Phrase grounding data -
##########
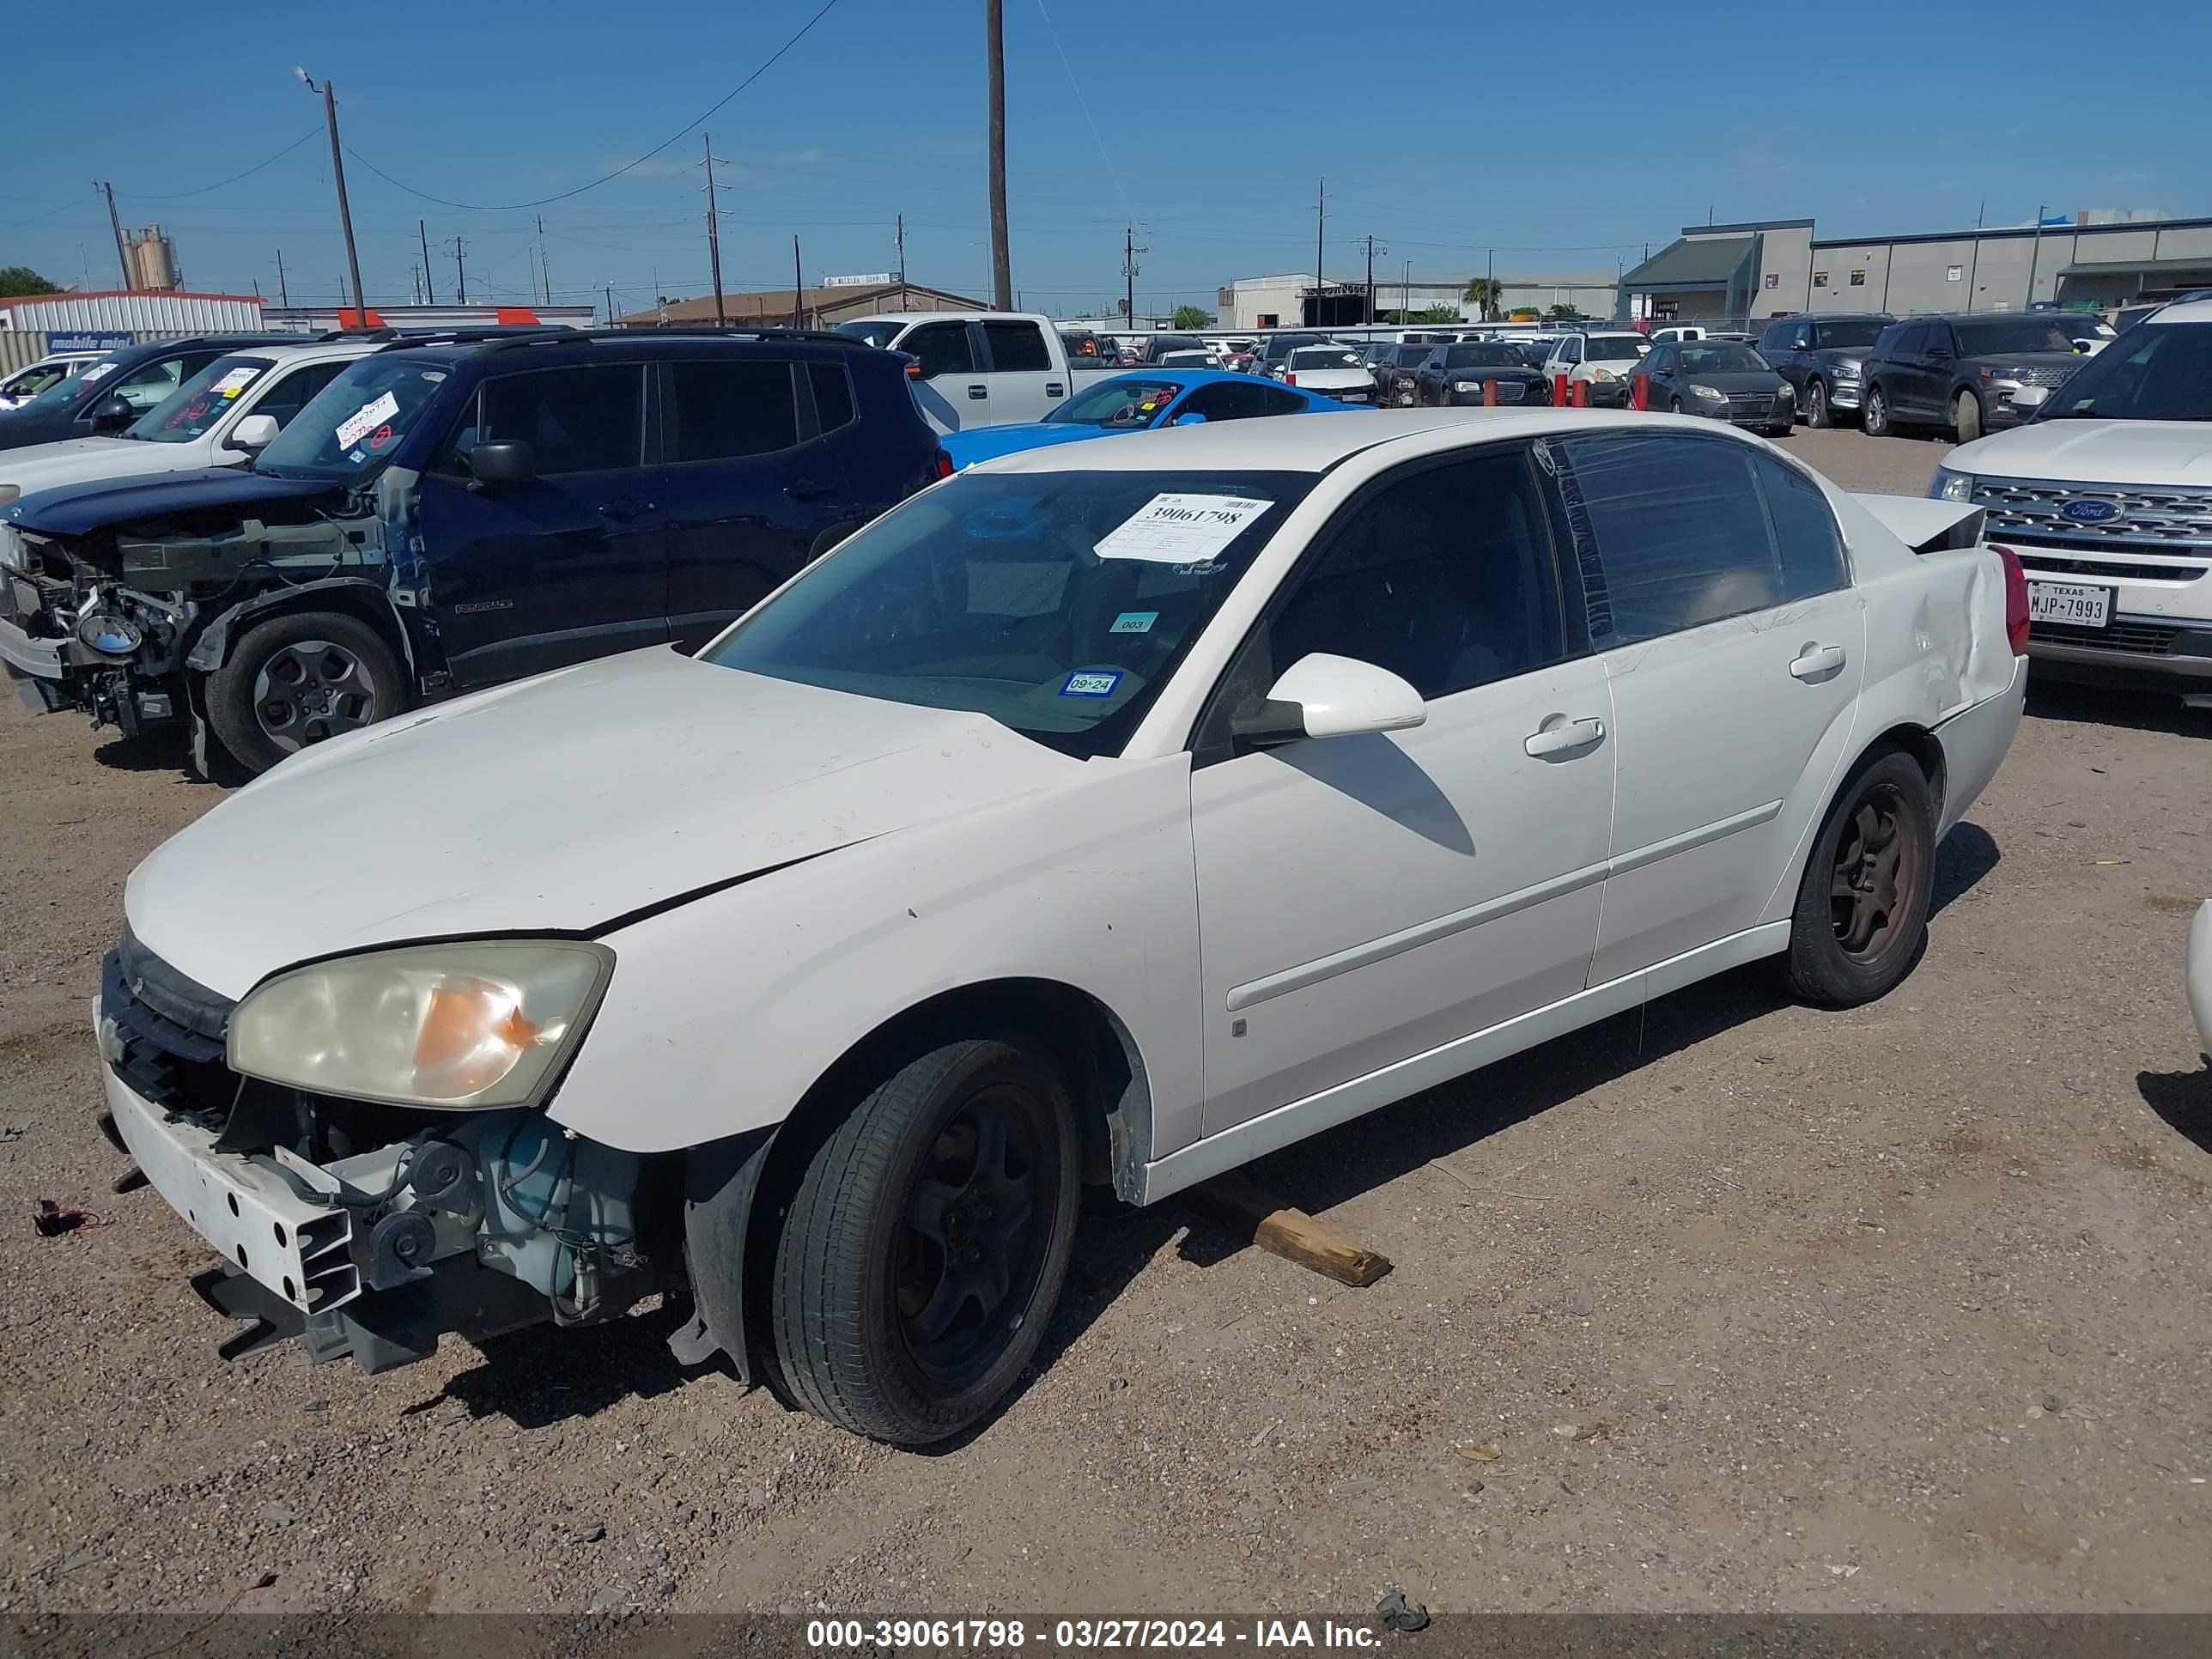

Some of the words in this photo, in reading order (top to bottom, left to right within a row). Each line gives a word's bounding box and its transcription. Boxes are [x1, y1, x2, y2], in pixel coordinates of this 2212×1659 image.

[52, 335, 98, 349] mobile
[1146, 507, 1243, 525] 39061798
[2071, 502, 2106, 517] Ford
[2053, 586, 2084, 597] TEXAS
[1121, 621, 1144, 629] 003
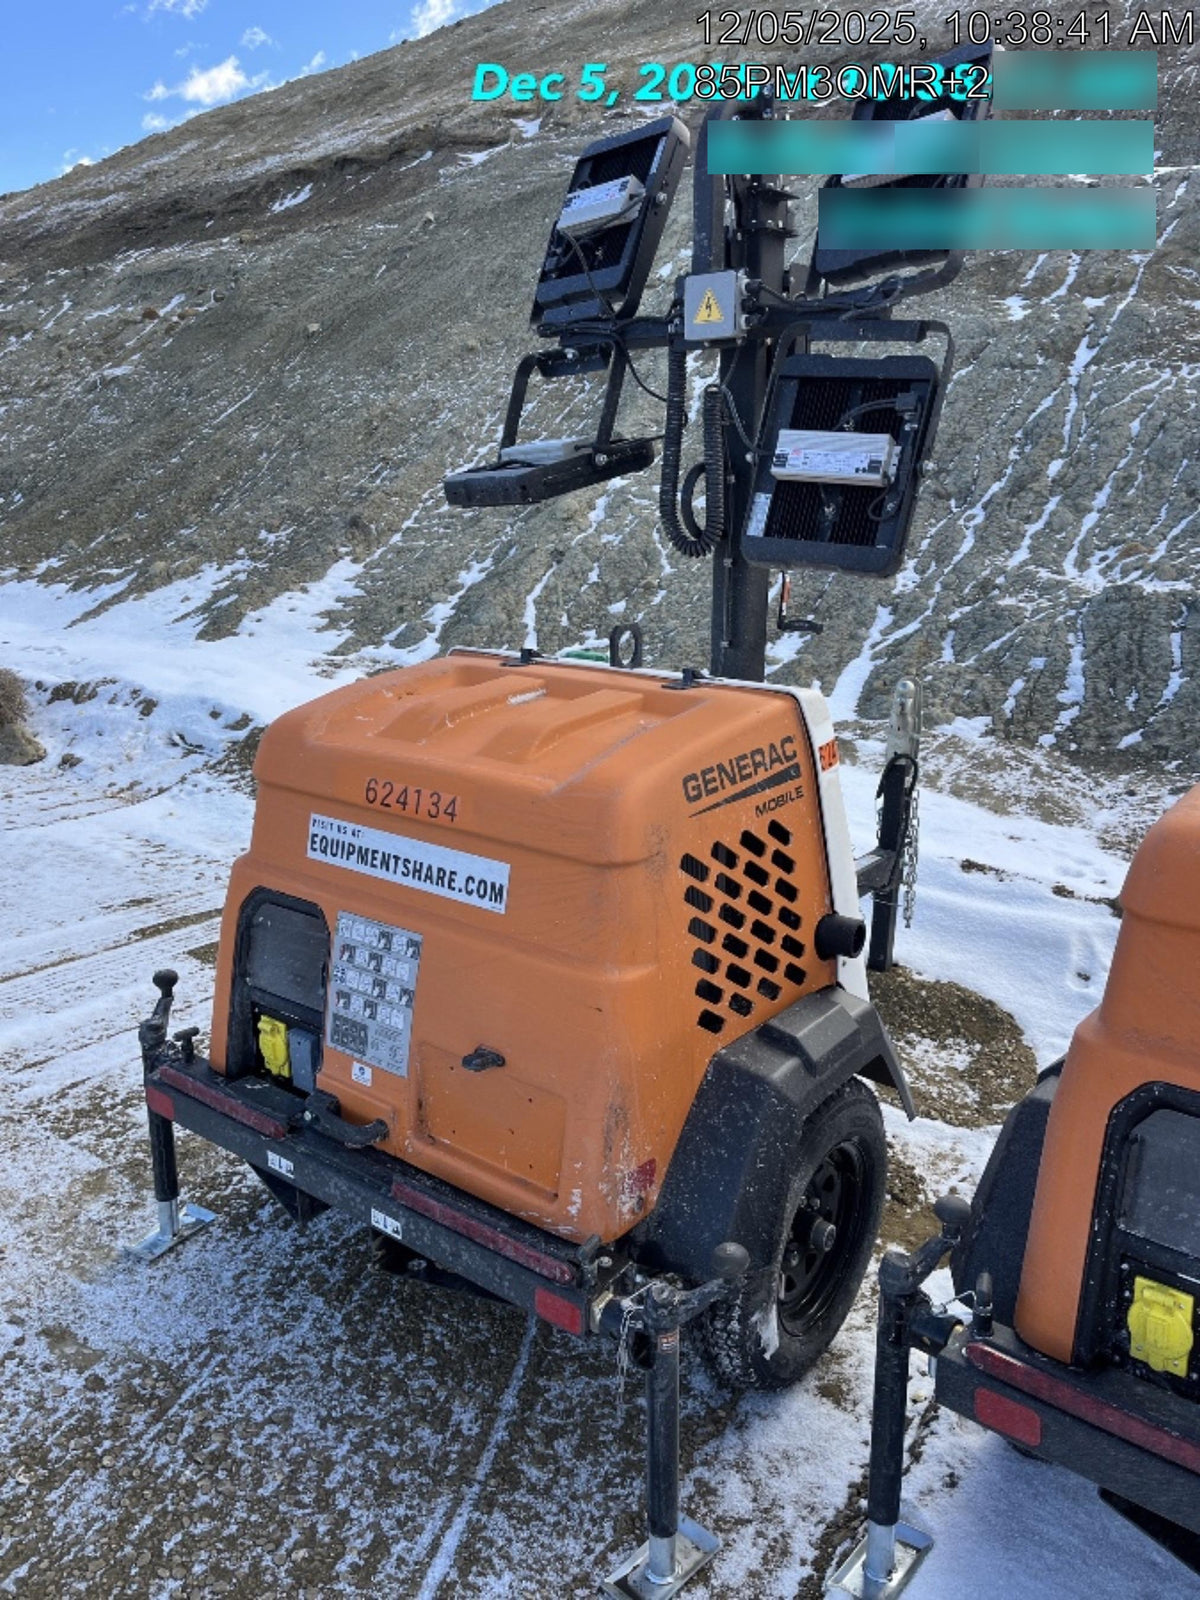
##########
Requirement - Word for word, write out each of the records, but not the pictures.

Solution below -
Some of the words in this photo, in reading order (top to bottom, left to right within a row). Each line gives a word's bounding box and its transcription. Boxes are [x1, y1, x2, y2], in pixel coordinates of this 2212×1659 image.

[52, 335, 98, 349] mobile
[1146, 507, 1243, 525] 39061798
[2071, 502, 2106, 517] Ford
[2053, 586, 2084, 597] TEXAS
[1121, 621, 1144, 629] 003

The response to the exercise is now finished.